3.0 Requirements for Data Used for Comparisons With the PM2.5 
                NAAQS and Data Reporting Considerations.

    (a) Except as otherwise provided in this appendix, only valid FRM/
FEM/ARM PM2.5 data required to be submitted to EPA's Air 
Quality System (AQS) shall be used in the design value calculations.
    (b) PM2.5 measurement data (typically hourly for 
continuous instruments and daily for filter-based instruments) shall be 
reported to AQS in micrograms per cubic meter ([micro]g/m\3\) to one 
decimal place, with additional digits to the right being truncated.
    (c) Block 24-hour averages shall be computed from available hourly 
PM2.5 concentration data for each corresponding day of the 
year and the result shall be stored in the first, or start, hour (i.e., 
midnight, hour `0') of the 24-hour period. A 24-hour average shall be 
considered valid if at least 75 percent (i.e., 18) of the hourly 
averages for the 24-hour period are available. In the event that less 
than all 24 hourly averages are available (i.e., less than 24, but at 
least 18), the 24-hour average shall be computed on the basis of the 
hours available using the number of available hours as the divisor 
(e.g., 19). 24-hour periods with seven or more missing hours shall be 
considered valid if, after substituting zero for all missing hourly 
concentrations, the 24-hour average concentration is greater than the 
level of the standard. The computed 24-hour average PM2.5 
concentrations shall be reported to one decimal place (the additional 
digits to the right of the first decimal place are truncated, consistent 
with the data handling procedures for the reported data).
    (d) Except for calculation of spatially averaged annual means and 
spatially averaged annual standard design values, all other calculations 
shown in this appendix shall be implemented on a site-level basis. Site 
level data shall be processed as follows:
    (1) The default dataset for a site shall consist of the measured 
concentrations recorded from the designated primary FRM/FEM/ARM monitor. 
The primary monitor shall be designated in the appropriate State or 
local agency PM Monitoring Network Description. All daily values 
produced by the primary sampler are considered part of the site record 
(i.e., that site's daily value); this includes all creditable samples 
and all extra samples.
    (2) Data for the primary monitor shall be augmented as much as 
possible with data from collocated FRM/FEM/ARM monitors. If a valid 24-
hour measurement is not produced from the primary monitor for a 
particular day (scheduled or otherwise), but a valid sample is generated 
by a collocated FRM/FEM/ARM instrument (and recorded in AQS), then that 
collocated value shall be considered part of the site data record (i.e., 
that site's daily value). If more than one valid collocated FRM/FEM/ARM 
value is available, the average of those valid collocated values shall 
be used as the daily value.
    (e) All daily values in the composite site record are used in annual 
mean and 98th percentile calculations, however, not all daily values are 
give credit towards data completeness requirements. Only ``creditable'' 
samples are given credit for data completeness. Creditable samples 
include valid samples on scheduled sampling days and valid make-up 
samples. All other types of daily values are referred to as ``extra'' 
samples.

                  4.0 Comparisons With the PM2.5 NAAQS.
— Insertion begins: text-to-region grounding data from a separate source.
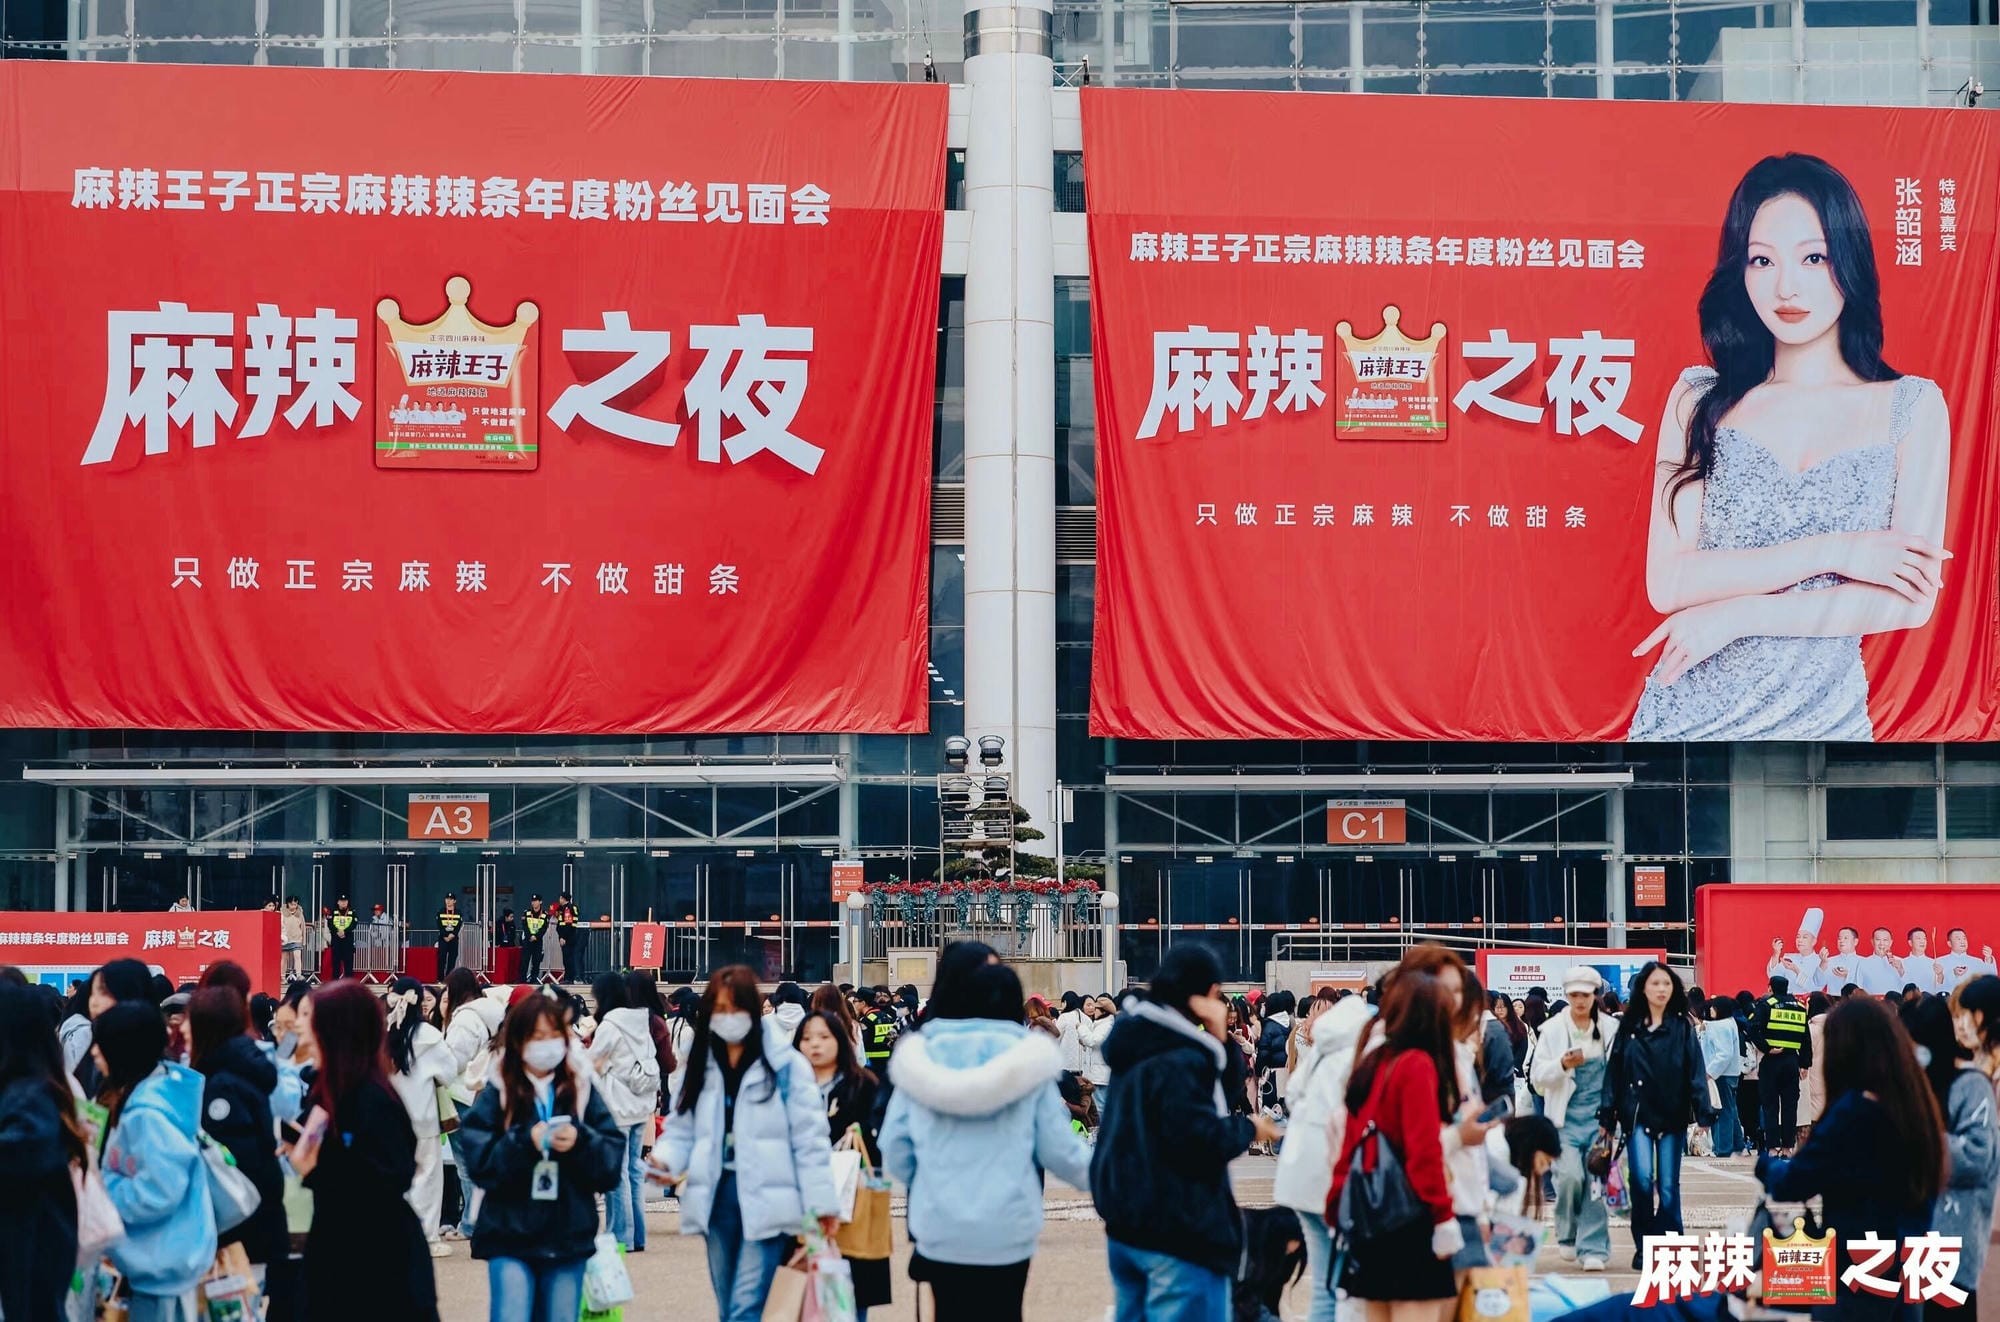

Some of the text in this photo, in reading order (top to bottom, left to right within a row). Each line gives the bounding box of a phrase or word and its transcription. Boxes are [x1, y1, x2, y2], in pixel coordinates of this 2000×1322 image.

[72, 166, 831, 226] 麻辣王子正宗麻辣辣条年度粉丝见面会
[1895, 177, 1922, 267] 张韶涵
[1939, 178, 1957, 252] 特邀嘉宾
[1130, 231, 1645, 269] 麻辣王子正宗麻辣辣条年度粉丝见面会
[409, 349, 508, 381] 麻辣王子
[1358, 356, 1426, 378] 麻辣王子
[81, 301, 825, 476] 麻辣 之夜
[1136, 324, 1645, 444] 麻辣 之夜
[1196, 503, 1588, 528] 只做正宗麻辣 不做甜条
[172, 557, 740, 595] 只做正宗麻辣 不做甜条
[423, 806, 473, 835] A3
[1342, 812, 1384, 840] C1
[143, 929, 231, 950] 麻辣 之夜
[642, 932, 653, 959] 寄存处
                   4.1 Annual PM2.5 NAAQS.

    (a) The annual PM2.5 NAAQS is met when the annual 
standard design value is less than or equal to 15.0 micrograms per cubic 
meter ([micro]g/m\3\).
    (b) For single site comparisons, 3 years of valid annual means are 
required to produce a valid annual standard design value. In the case of 
spatial averaging, 3 years of valid spatially averaged annual means are 
required to produce a valid annual standard design value. Designated 
sites with less than 3 years of data shall be included in annual spatial 
averages for those years that data completeness requirements are met. A 
year meets data completeness requirements when at least 75 percent of 
the scheduled sampling days for each quarter have valid data. [Quarterly 
data capture rates (expressed as a percentage) are specifically 
calculated as the number of creditable samples for the quarter divided 
by the number of scheduled samples for the quarter, the result then 
multiplied by 100 and rounded to the nearest integer.] However, years 
with at least 11 samples in each quarter shall be considered valid, 
notwithstanding quarters with less than complete data, if the resulting 
annual mean, spatially

[[Page 122]]

averaged annual mean concentration, or resulting annual standard design 
value concentration (rounded according to the conventions of section 4.3 
of this appendix) is greater than the level of the standard. 
Furthermore, where the explicit 11 sample per quarter requirement is not 
met, the site annual mean shall still be considered valid if, by 
substituting a low value (described below) for the missing data in the 
deficient quarters (substituting enough to meet the 11 sample minimum), 
the computation still yields a recalculated annual mean, spatially 
averaged annual mean concentration, or annual standard design value 
concentration over the level of the standard. The low value used for 
this substitution test shall be the lowest reported daily value in the 
site data record for that calendar quarter over the most recent 3-year 
period. If an annual mean is deemed complete using this test, the 
original annual mean (without substituted low values) shall be 
considered the official mean value for this site, not the result of the 
recalculated test using the low values.
    (c) The use of less than complete data is subject to the approval of 
EPA, which may consider factors such as monitoring site closures/moves, 
monitoring diligence, and nearby concentrations in determining whether 
to use such data.
    (d) The equations for calculating the annual standard design values 
are given in section 4.4 of this appendix.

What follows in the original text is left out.